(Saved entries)
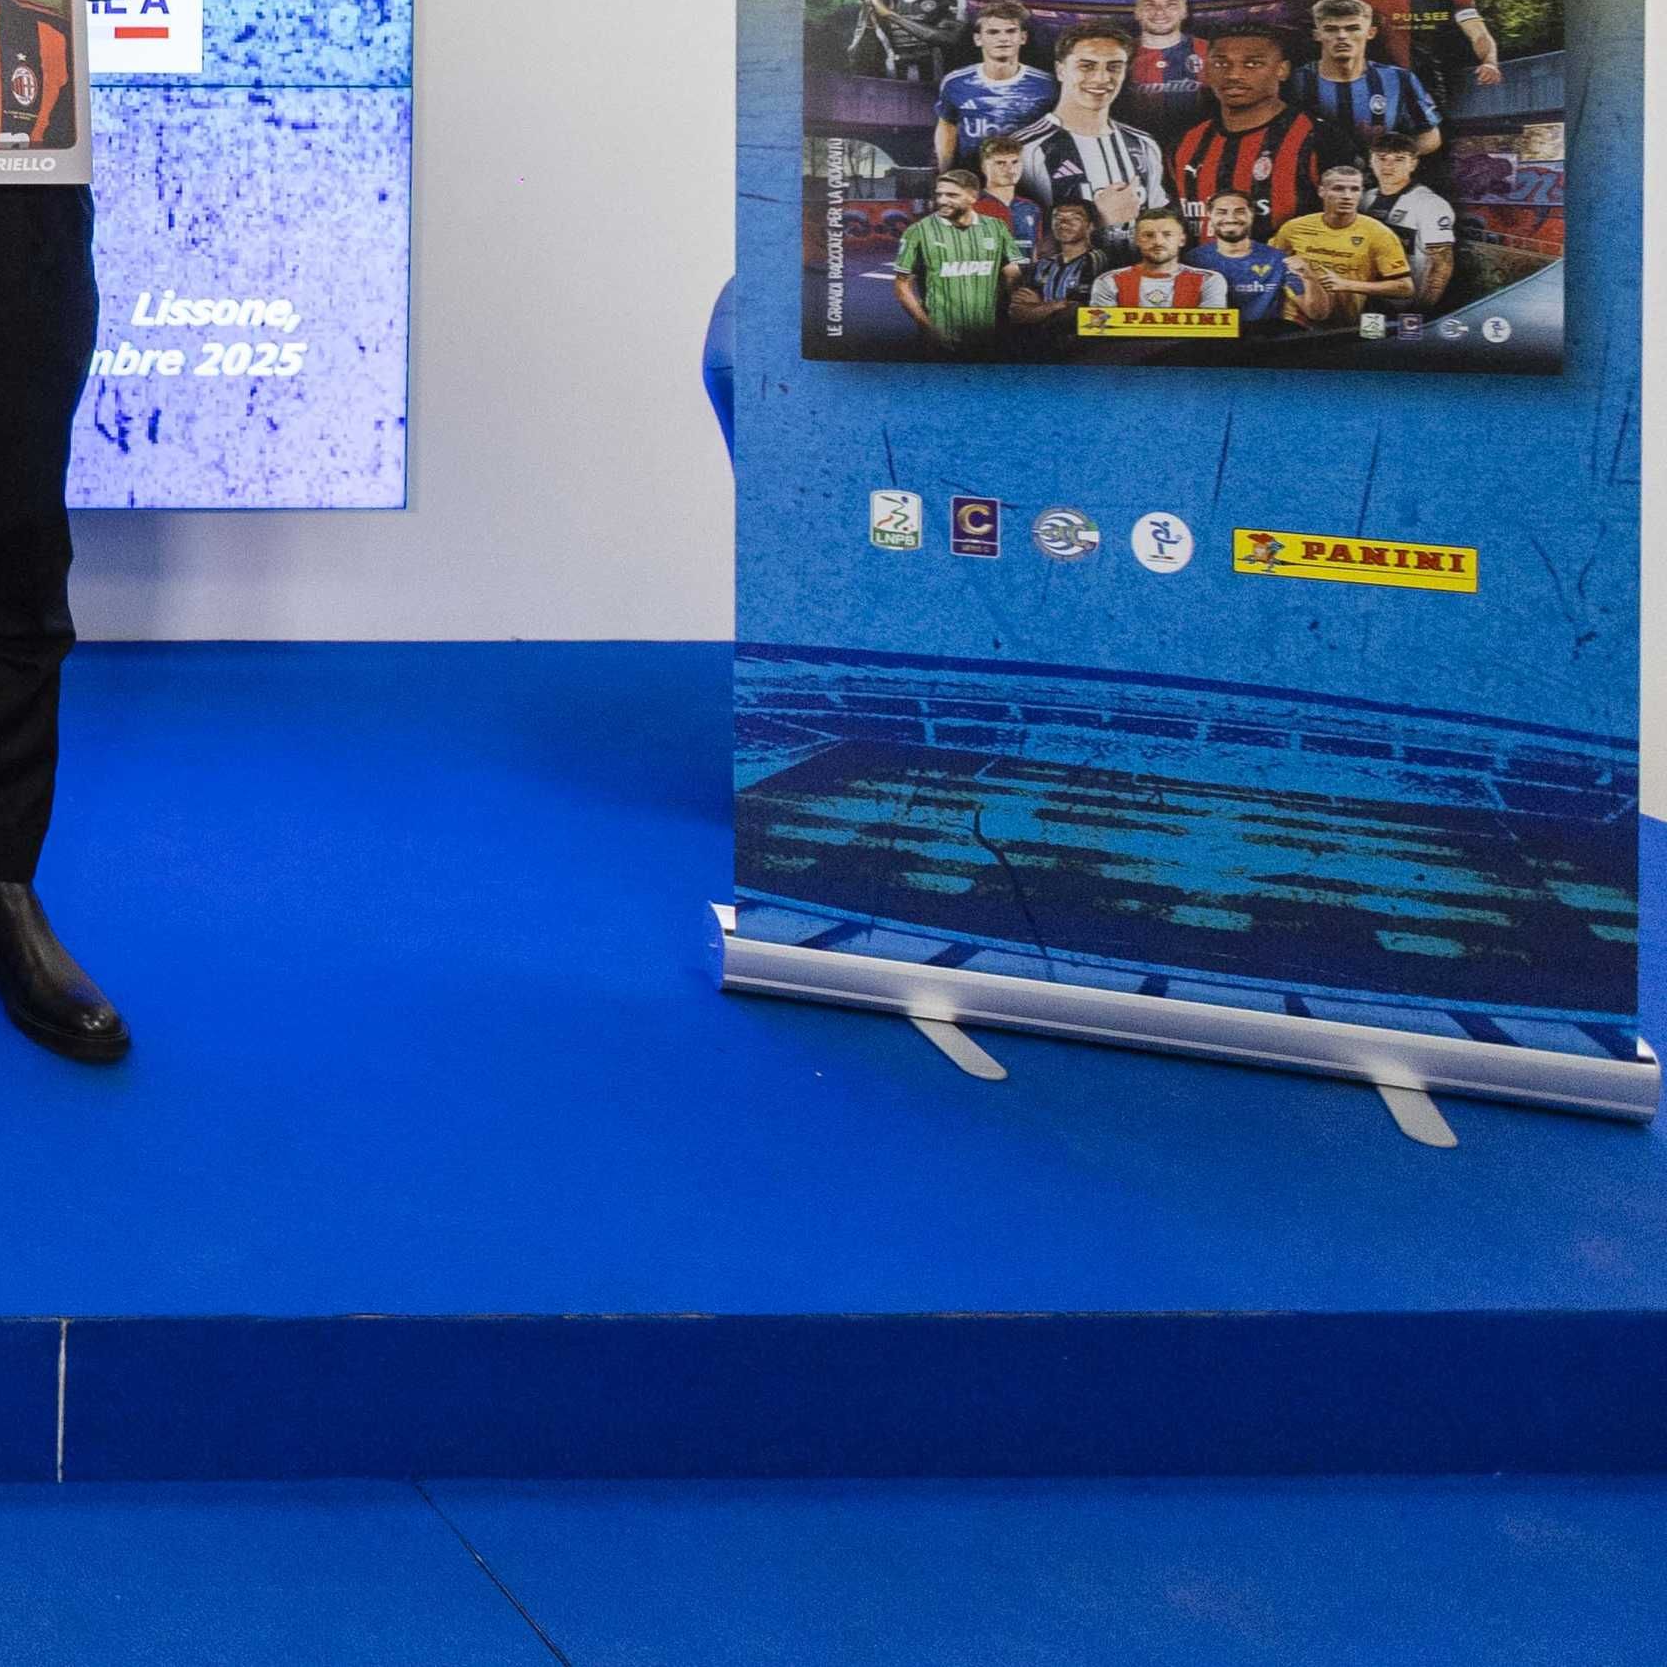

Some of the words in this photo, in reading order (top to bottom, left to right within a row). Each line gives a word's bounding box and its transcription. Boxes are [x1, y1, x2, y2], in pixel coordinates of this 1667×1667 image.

[1392, 12, 1450, 23] PULSEE
[827, 189, 844, 205] LA
[827, 207, 844, 228] PER
[939, 260, 995, 278] MAPEI
[130, 289, 302, 334] Lissone,
[1122, 310, 1232, 326] PANINI
[827, 324, 843, 337] LE
[192, 341, 310, 377] 2025
[874, 532, 917, 547] LNPB
[1300, 540, 1466, 573] PANINI
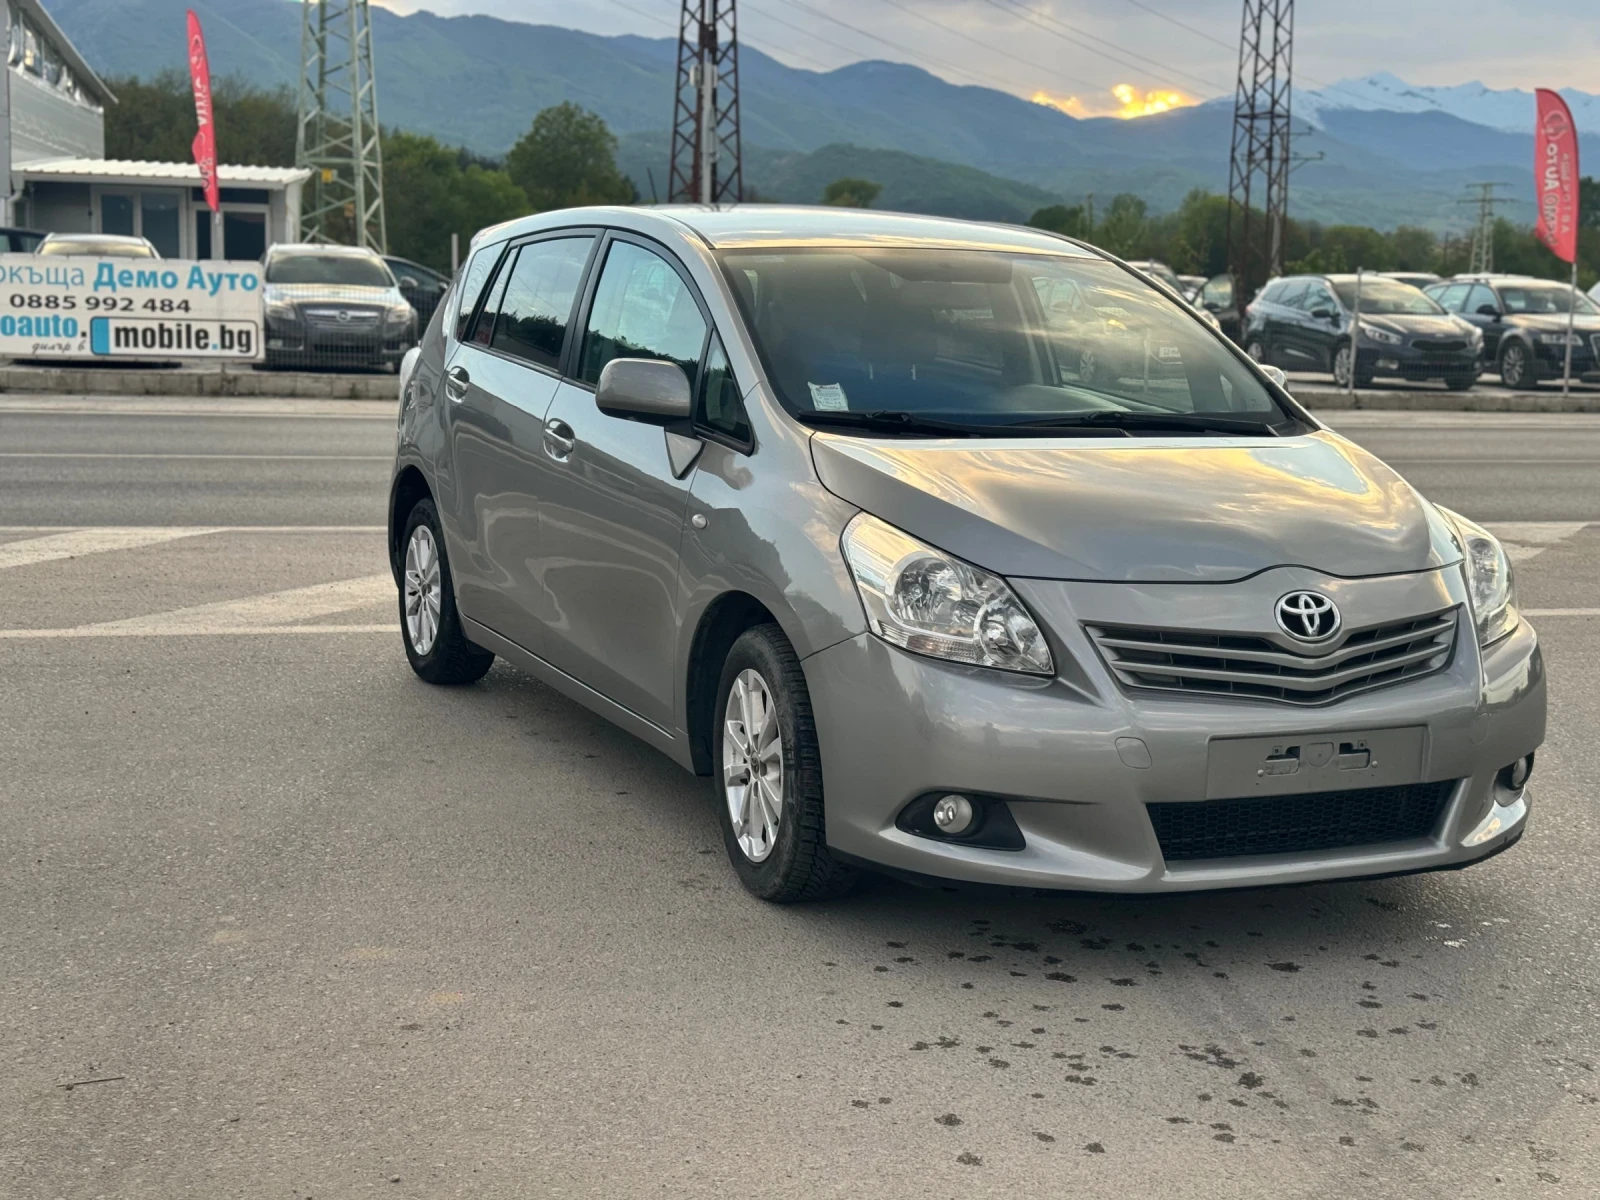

== YOUR ASSIGNMENT ==
Write the records above out again exactly, but not the pictures.

== RESULT OF THE TASK ==
Some of the words in this photo, in reading order (top to bottom, left to right within a row). Each line gives a word's bounding box and its transcription. Boxes are [x1, y1, x2, y2], in pixel coordinates of this 1667×1667 image.

[1392, 12, 1450, 23] PULSEE
[827, 189, 844, 205] LA
[827, 207, 844, 228] PER
[939, 260, 995, 278] MAPEI
[130, 289, 302, 334] Lissone,
[1122, 310, 1232, 326] PANINI
[827, 324, 843, 337] LE
[192, 341, 310, 377] 2025
[874, 532, 917, 547] LNPB
[1300, 540, 1466, 573] PANINI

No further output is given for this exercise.